Increasing numbers of people are watching shows on their mobile devices, but content is still being made primarily for larger canvases, like movie screens or home TVs.
Blackpills, a mobile streaming platform launched this spring for scripted short-form shows, is doing precisely the opposite and building its bite-sized content — with episodes running around 10 minutes long — specifically for mobile devices.
“For us, the question is, how do you optimize storytelling for mobile?” said vice-president of production Lorne Hiltser.
“How do you try and engage someone? How do you captivate someone in a new world with new characters when they’re looking at their phone? When I’m looking at my phone, I’m uniquely aware that I can also see my foot.”
“How do you captivate someone in a new world with new characters when they’re looking at their phone?”
This question of engagement feeds into the selection of the over 50 shows that Blackpills is now gradually debuting on its platform.
From James Franco’s former AOL series Making a Scene, which features comedic recreations of famous cinema scenes, to Junior (shown above), a drama that centers on a love triangle between a mom, her boyfriend and her daughter, the shows are nothing if not provocative.
Hiltser says the focus is not on edginess for edginess’ sake, however, but rather on creating engaging shows that have themes pertinent to the current zeitgeist.
“We’re experimental,” says Hiltser. “We will push the boundaries, we’re not afraid to tell stories if we find them relevant.”

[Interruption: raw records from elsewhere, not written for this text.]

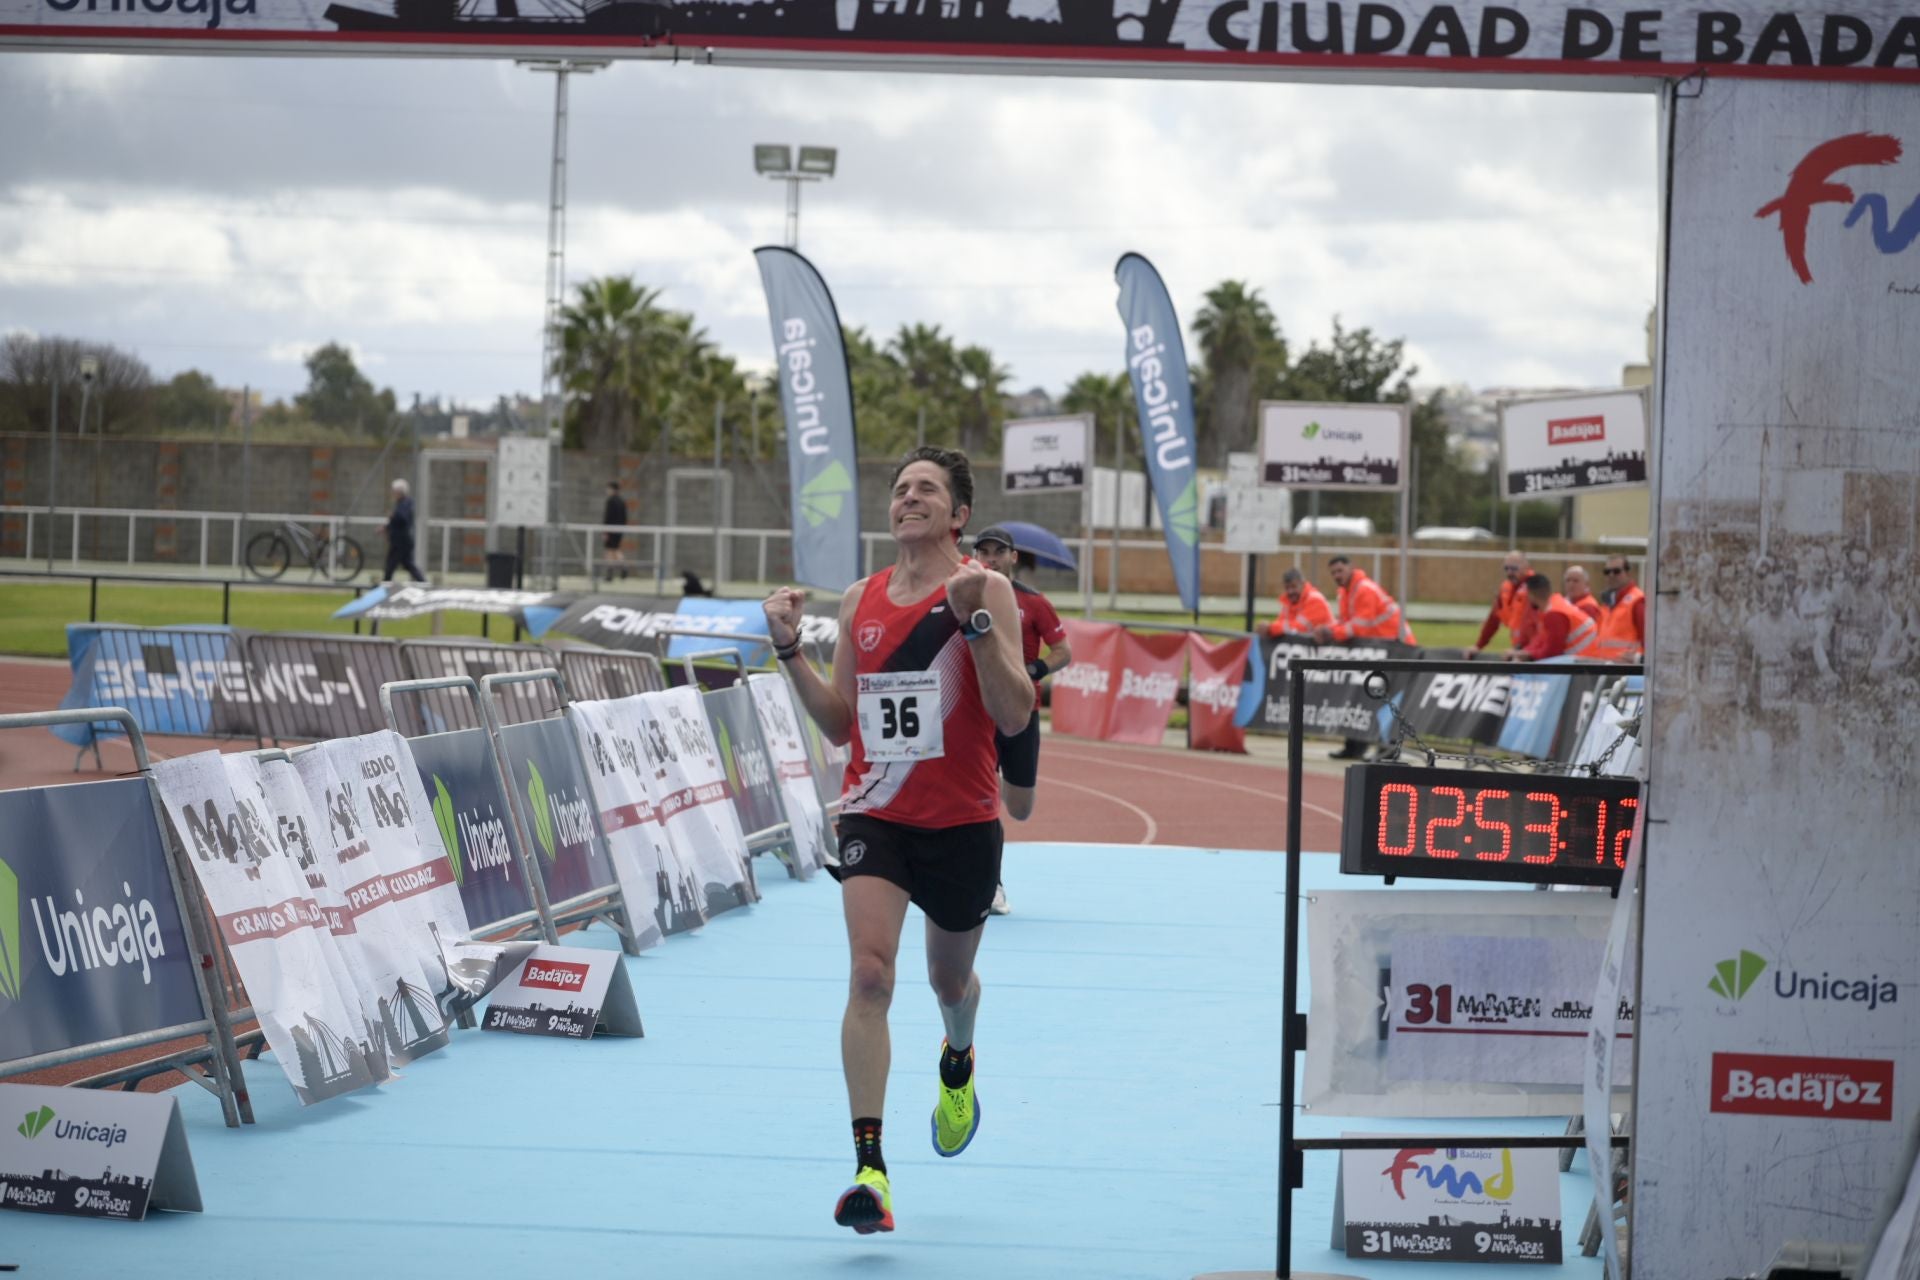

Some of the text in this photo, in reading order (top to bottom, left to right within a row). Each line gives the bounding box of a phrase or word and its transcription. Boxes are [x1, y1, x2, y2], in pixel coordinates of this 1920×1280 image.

[1207, 0, 1530, 57] CIUDAD
[1561, 8, 1662, 62] DE
[1321, 429, 1363, 443] Unicaja
[880, 697, 920, 739] 36
[549, 786, 596, 857] Unicaja
[457, 803, 512, 882] Unicaja
[31, 881, 166, 985] Unicaja
[528, 966, 583, 987] Badajoz
[1775, 970, 1898, 1011] Unicaja
[490, 1011, 508, 1028] 31
[1405, 983, 1452, 1025] 31
[547, 1015, 559, 1031] 9
[1722, 1069, 1883, 1111] Badajoz
[54, 1120, 128, 1148] Unicaja
[75, 1186, 90, 1208] 9
[1362, 1230, 1391, 1253] 31
[1475, 1231, 1492, 1254] 9
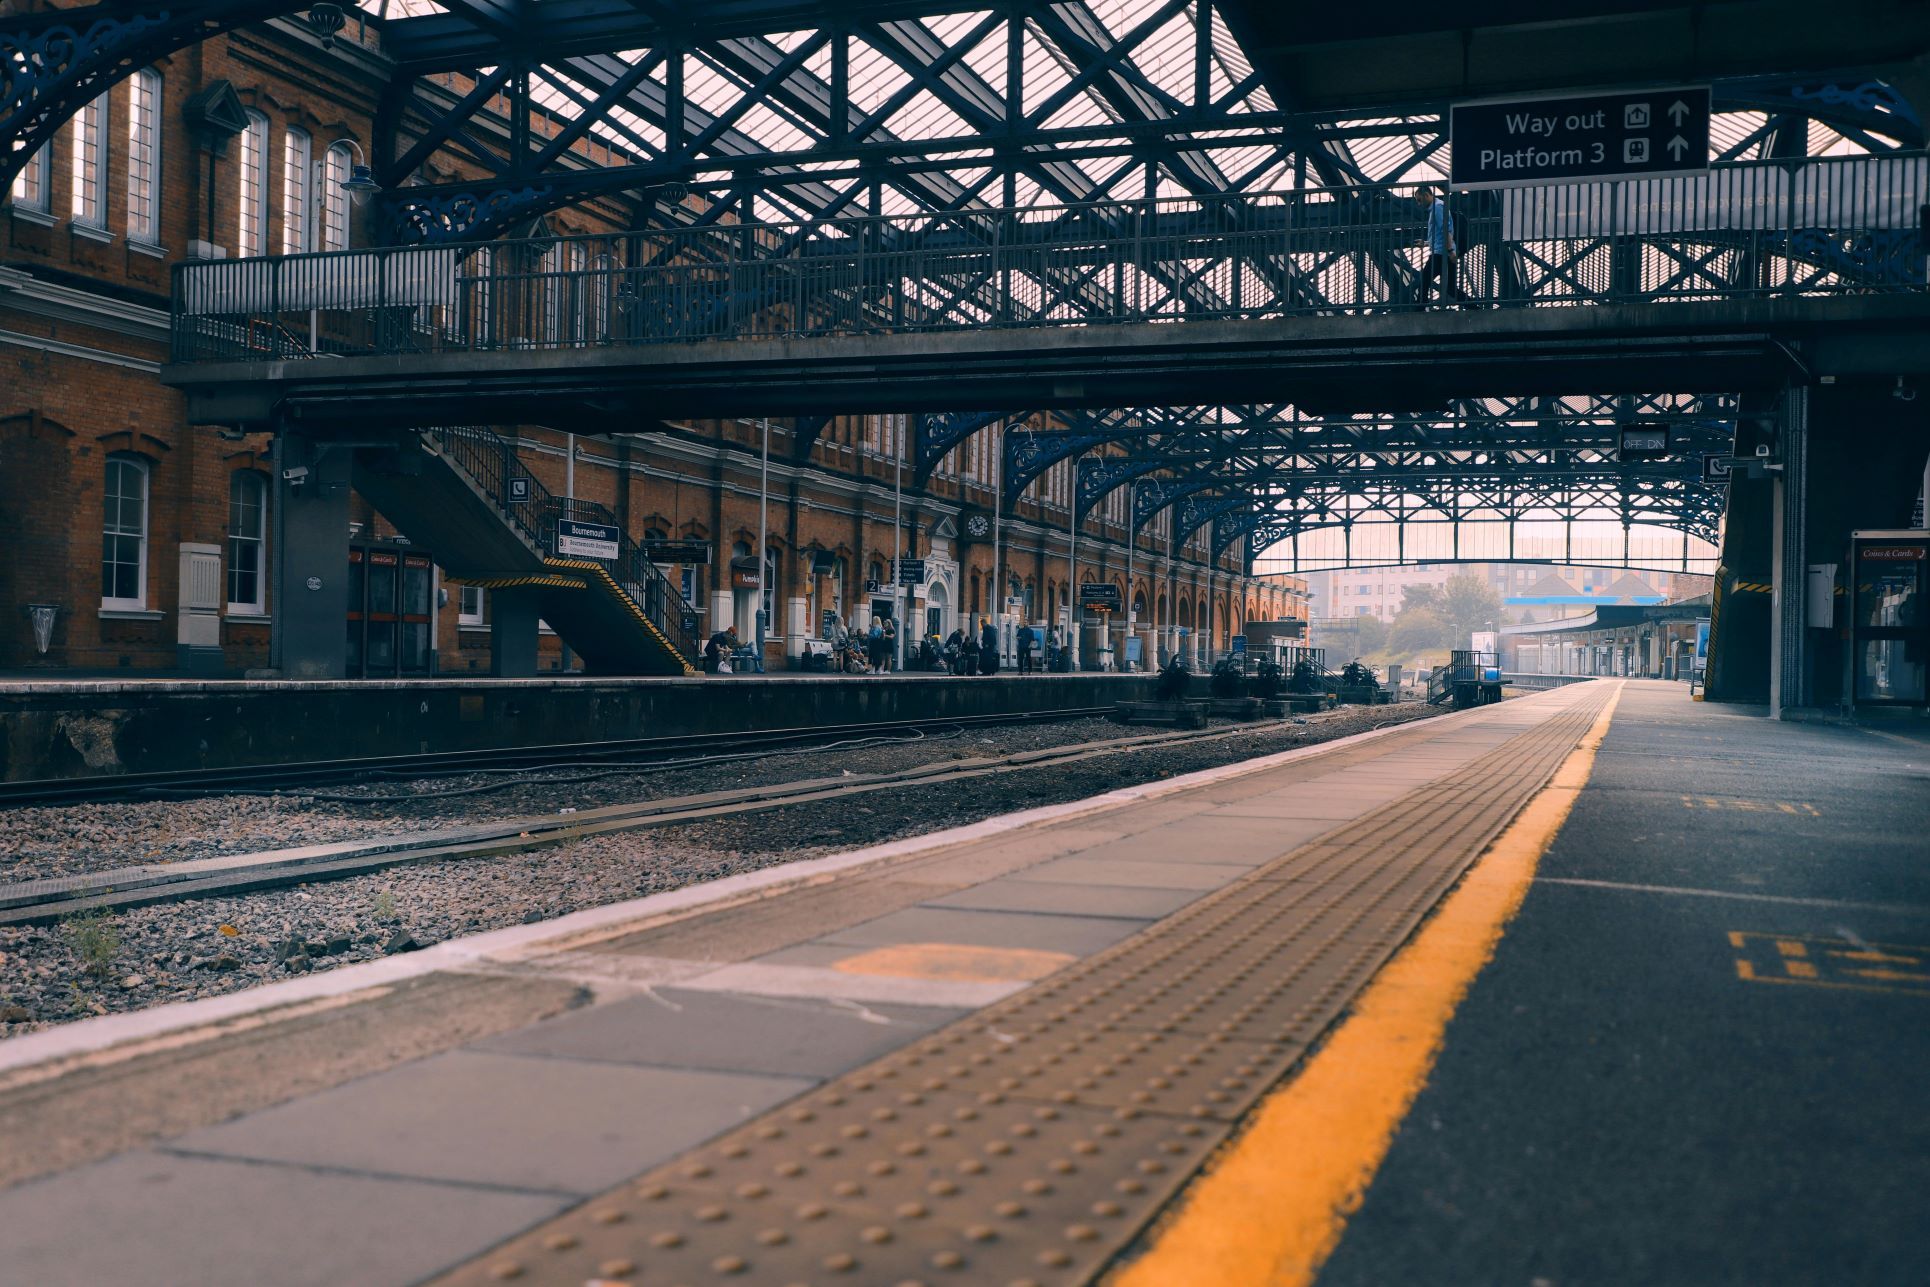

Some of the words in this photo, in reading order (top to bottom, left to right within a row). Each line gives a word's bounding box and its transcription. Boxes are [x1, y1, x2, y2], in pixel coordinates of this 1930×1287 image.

[1505, 113, 1558, 137] Way
[1566, 110, 1606, 130] out
[1480, 146, 1583, 170] Platform
[1590, 142, 1605, 163] 3
[571, 525, 607, 538] Bournemouth
[1863, 549, 1884, 557] Coins
[1892, 549, 1913, 557] Cards
[869, 581, 876, 591] 2

The pacing at which original content is released also adds incentive for users to tune in to Blackpills. There are currently 20 series available on the app, with a new one debuting each week at the rate of one episode per day.
“People want something all the time. They want to look at something every day, several times a day. How many times do you look at Instagram or Facebook? If we’re making something for mobile, we feel we need a continuous feed for the audience,” says Hiltser.
“People want something all the time. They want to look at something every day, several times a day.”
The app is available for free through the Google Play Store and App Store in Canada, and currently exists without the hindrance of ads, a rare thing for a new video platform.
Hiltser refrained from commenting on the company’s broader revenue model, but mentioned the platform is partially supported by ads through its Vice Video partnership, not available to Canadians.
When questioned about whether short video content might take over from longer forms in the future, Hiltser said he ultimately believes there is room for both.
“I don’t think there’s a battle between short form content and long form content,” says Hiltser. “To me, it’s more apt to say that there’s a need and a hunger for content in different ways.”